Tech • IA • Crypto
Efficient management of limited context windows is essential for maintaining performance and accuracy in AI-assisted coding workflows.
AI coding systems operate within a limited “context window,” which stores prompts, file reads, tool calls, and responses. Every interaction consumes space, making it a critical resource during development. As this window fills, performance can degrade unless actively managed.
When the context approaches capacity, automatic compaction summarizes key information and removes less relevant data such as detailed tool outputs. Developers can also trigger this process manually using a /compact command to free space while retaining a condensed memory of prior work.
While compaction helps reclaim space, it can discard useful details from earlier interactions. This creates a trade-off between maintaining full conversational history and preserving capacity for continued work, especially in complex development tasks.
A /clear command allows complete reset of the context window, removing all prior information. This is particularly useful when starting a new feature or project, preventing earlier work from biasing or interfering with new tasks.
Developers can inspect context consumption through a /context command, which provides a breakdown of usage and highlights which elements consume the most space. This visibility supports better decision-making about when to compact or clear.

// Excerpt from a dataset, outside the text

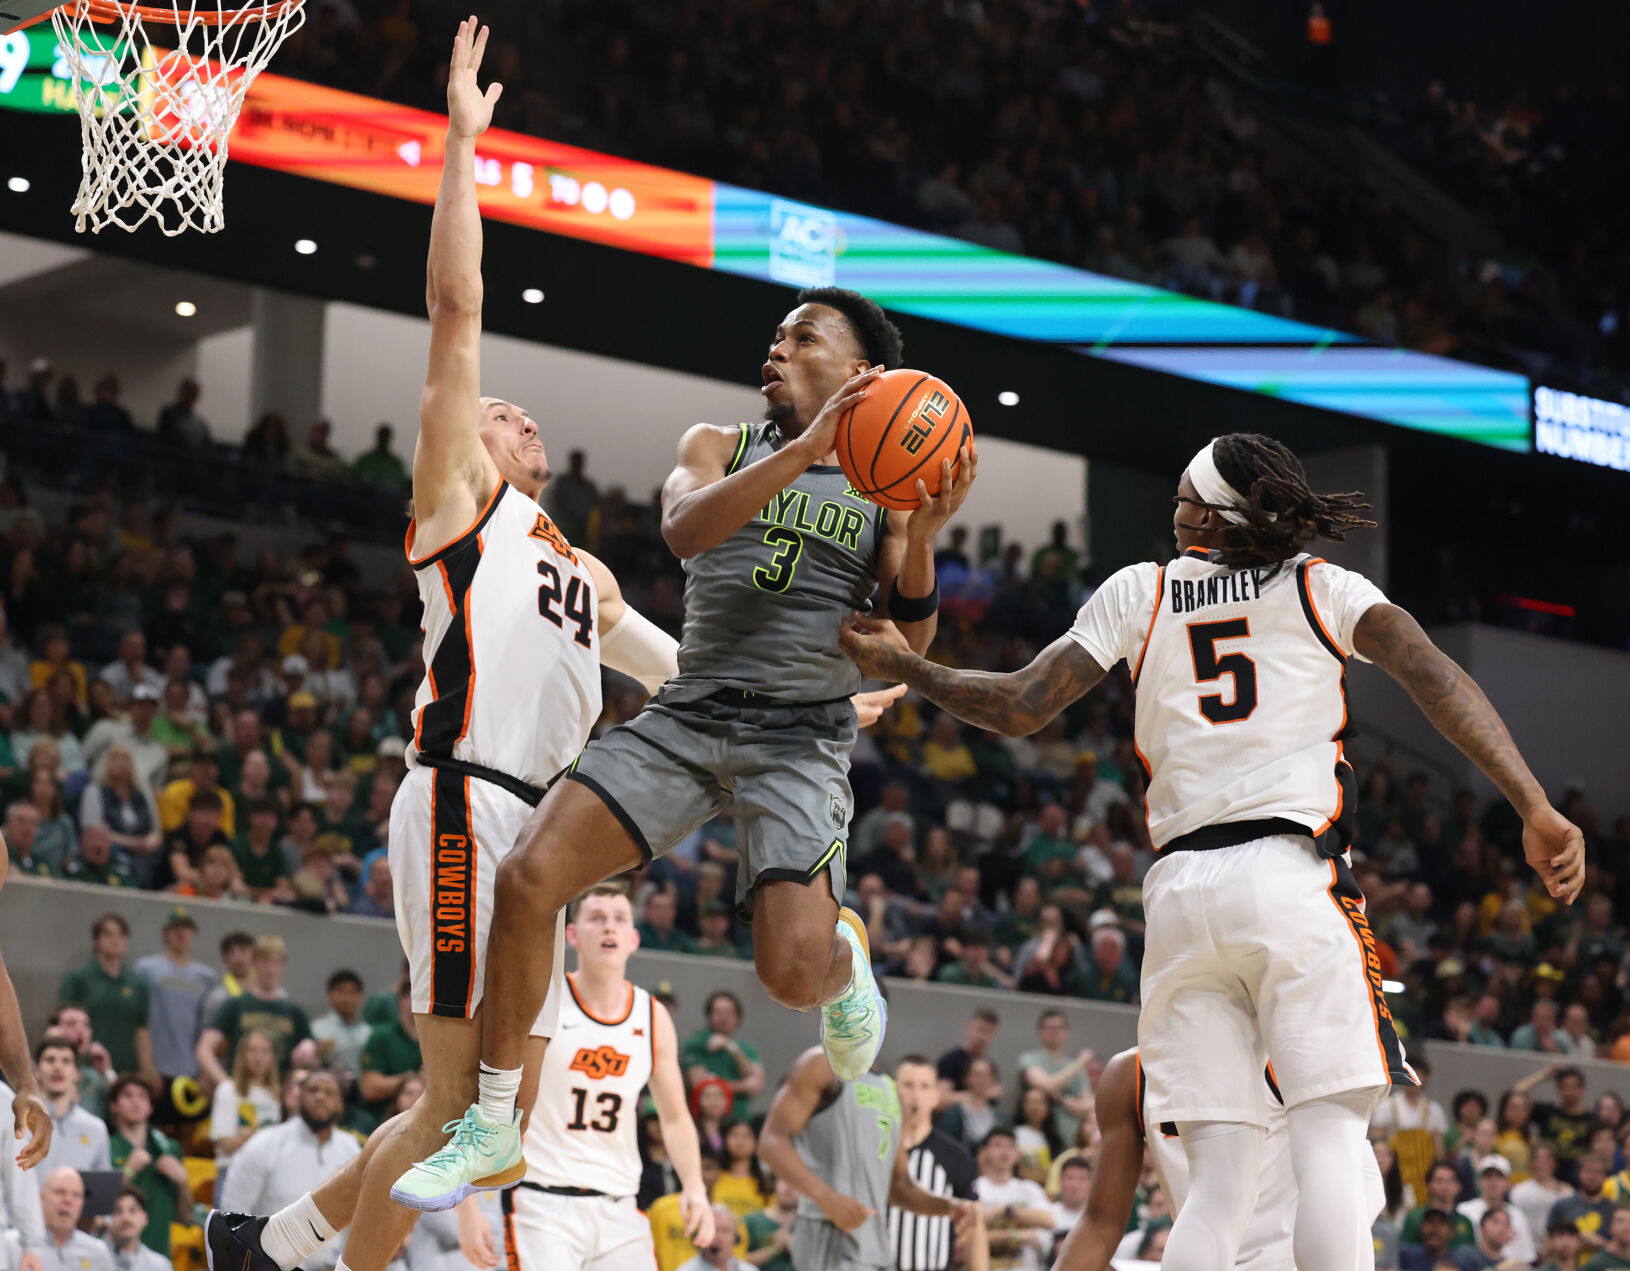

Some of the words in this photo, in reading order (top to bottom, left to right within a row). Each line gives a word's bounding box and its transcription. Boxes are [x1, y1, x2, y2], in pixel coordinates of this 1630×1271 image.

A practical guideline emerges: compact when continuing work on the same feature, and clear when transitioning to a new one. This ensures relevant information is preserved without carrying unnecessary context into unrelated tasks.
Important long-term information can be stored in dedicated files such as claw.md. This allows systems to retain key knowledge across sessions without repeatedly rediscovering it, reducing context usage over time.
Vague prompts increase context consumption because the system must explore more of the codebase and generate additional reasoning. Clear, specific instructions reduce unnecessary processing and help conserve context space.
External integrations such as MCP servers can significantly inflate context usage by loading large sets of tools by default. Disabling unused servers or switching to lighter alternatives like skills can improve efficiency.
Sub-agents operate with separate context windows, allowing them to handle specific queries independently. They can return concise summaries to the main agent, minimizing the main context’s load while still providing needed results.
Managing context effectively—through compaction, clearing, precise prompting, and selective tool use—is critical to sustaining efficient and accurate AI-driven development workflows.